Life is all about tradeoffs. Of course, the ultimate tradeoff is time. Everything you do has a cost in time. It is the only resource you have that can’t be recovered. You can make more money, have more friends, experience more emotions, but you don’t get more time. There’s an old Spanish saying – “make your choice and pay the price”. Time is always the price in that equation. There may be additional costs but always time.
Over the last few days I’ve made progress on the programming front. I’ve been learning about model view controller frameworks using PHP, as previously mentioned. I think I’ve gotten to the point where I understand it enough that I can start working on some other programming projects I’ve had in mind for a while. This is a Good Thing(tm).
I think this has been time well spent. Some of these projects have the potential to generate some income. Income is also a Good Thing(tm).
The downside is that I’ve gotten nothing done on the writing front. The first quarterly blog hop is coming up in two weeks. I’ve at least decided on the genre for this year’s blog hop flash fiction stories (space opera). Now I need to work on getting some story ideas. I trust the Muse as she usually comes up with something, even when I procrastinate and put things off to the last minute. It probably drives her nuts, and it isn’t a process I should rely on. I really don’t want to piss off the Muse and have her stop giving me stories to tell.
Also, February seems to be the (un)official flash fiction month as I’ve seen several online challenges for writing flash fiction stories. They are all of the ‘write a flash fiction every day in February’ variety. I’ve done that but I seem to do it in July. Probably because Dean Wesley Smith usually does his own personal challenge to write a story (not necessarily flash fiction) every day in July. He posts on his blog when he does his challenges to keep himself accountable.
Writing fiction is fun, and it too has the potential to generate income, but realistically, it isn’t likely to generate as much income as my programming projects. I hope that enough people like my stories enough to be able to support myself through my writing, but it will take time to build an audience.
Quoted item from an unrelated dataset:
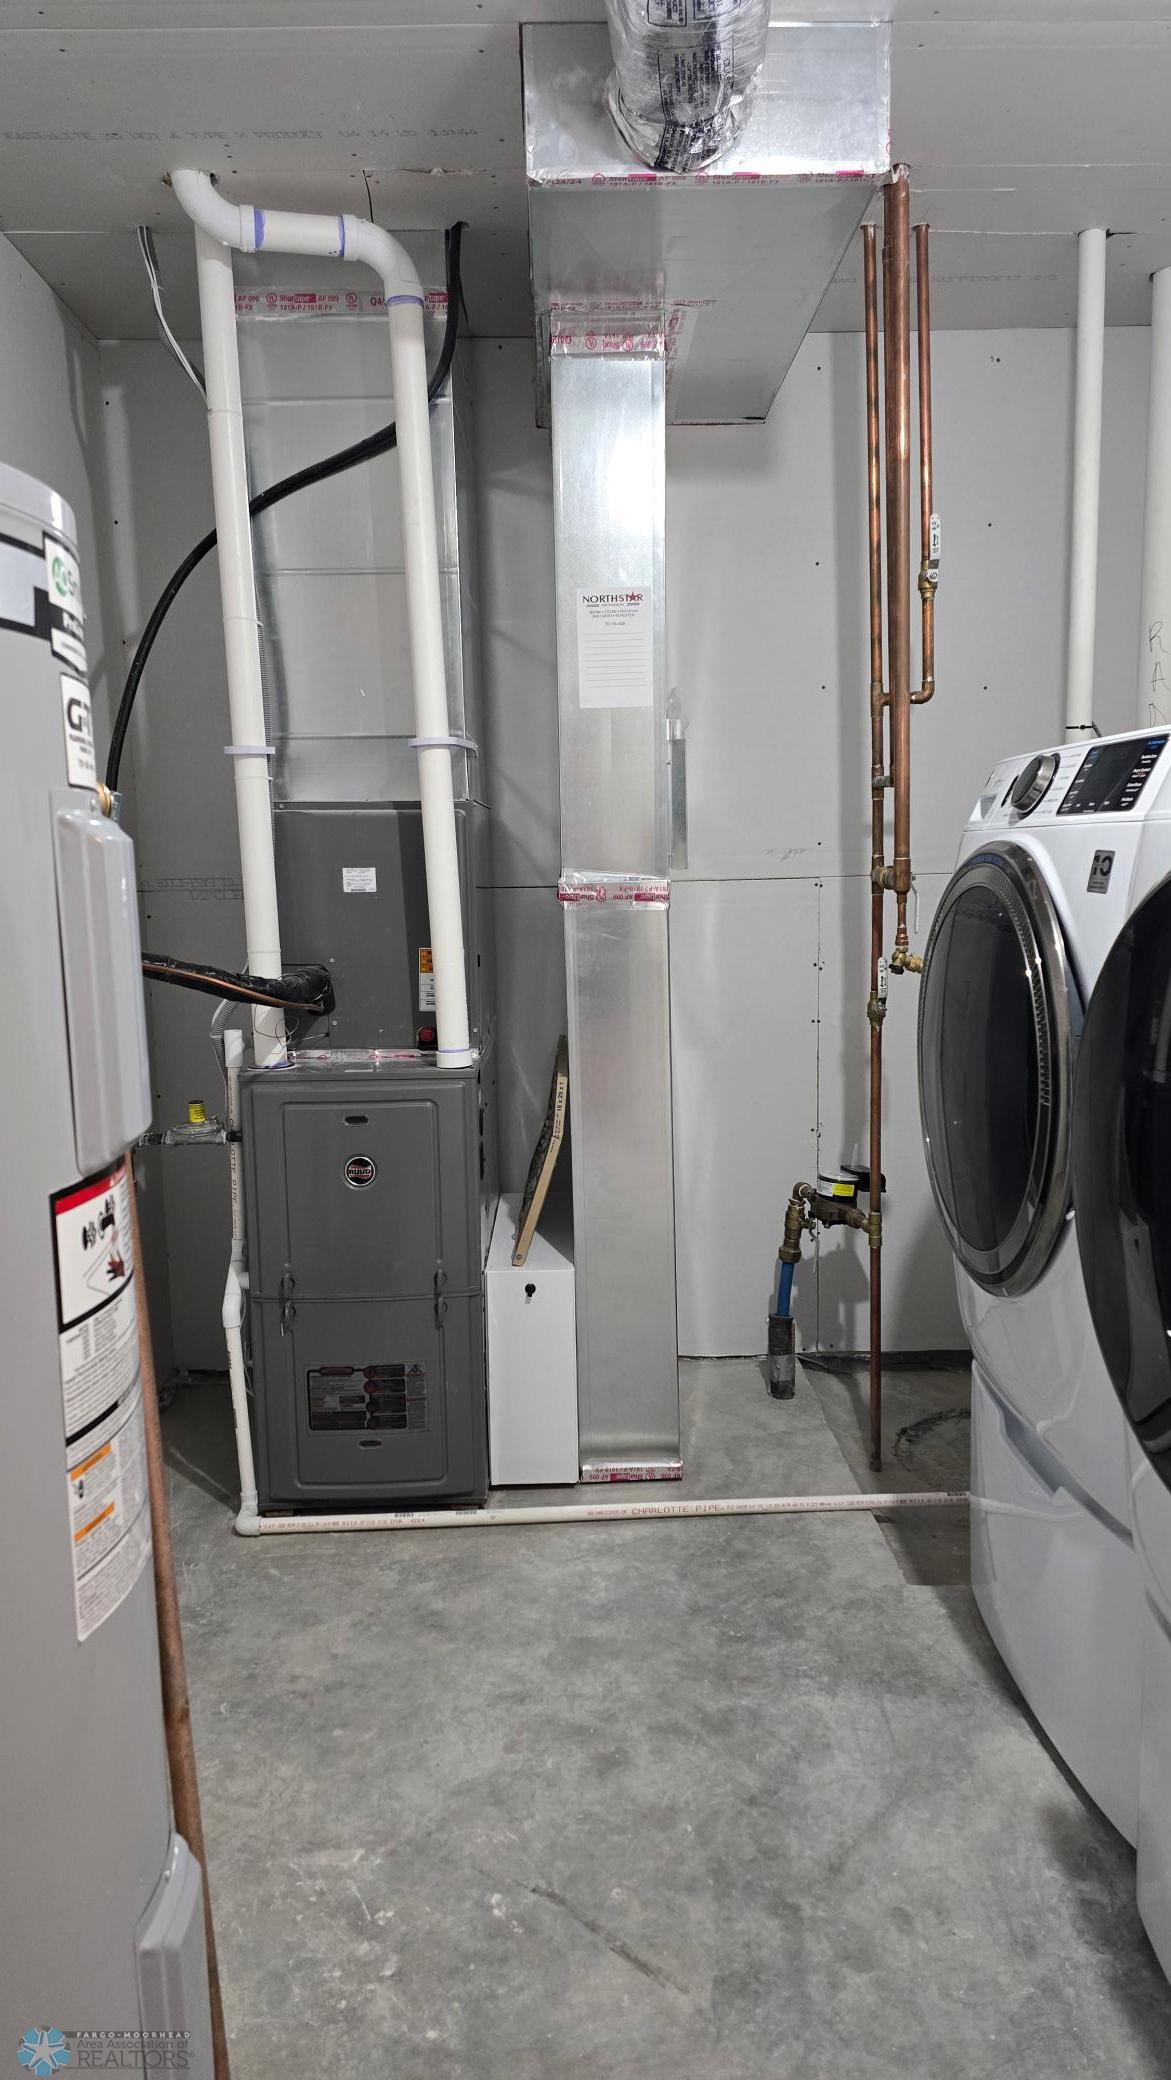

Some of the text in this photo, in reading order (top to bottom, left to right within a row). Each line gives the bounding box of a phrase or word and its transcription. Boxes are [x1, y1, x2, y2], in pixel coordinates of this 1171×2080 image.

[582, 592, 644, 604] NORTHSTAR
[632, 1505, 689, 1516] CHARLOTTE
[695, 1504, 720, 1513] PIPE
The software projects will take some time to build a audience as well, but I think there is a wider audience for them than my writing.
I don’t really need a large audience for either to make money. The best I can do is to work on both programming and writing, launch both into the wild, and see what happens. If one or both catch on and take off in a big way, so much the better.
I guess I just need to work on balancing my time between the two so neither of them suffer needlessly.
I hope all your plans are working out, my Hordeling.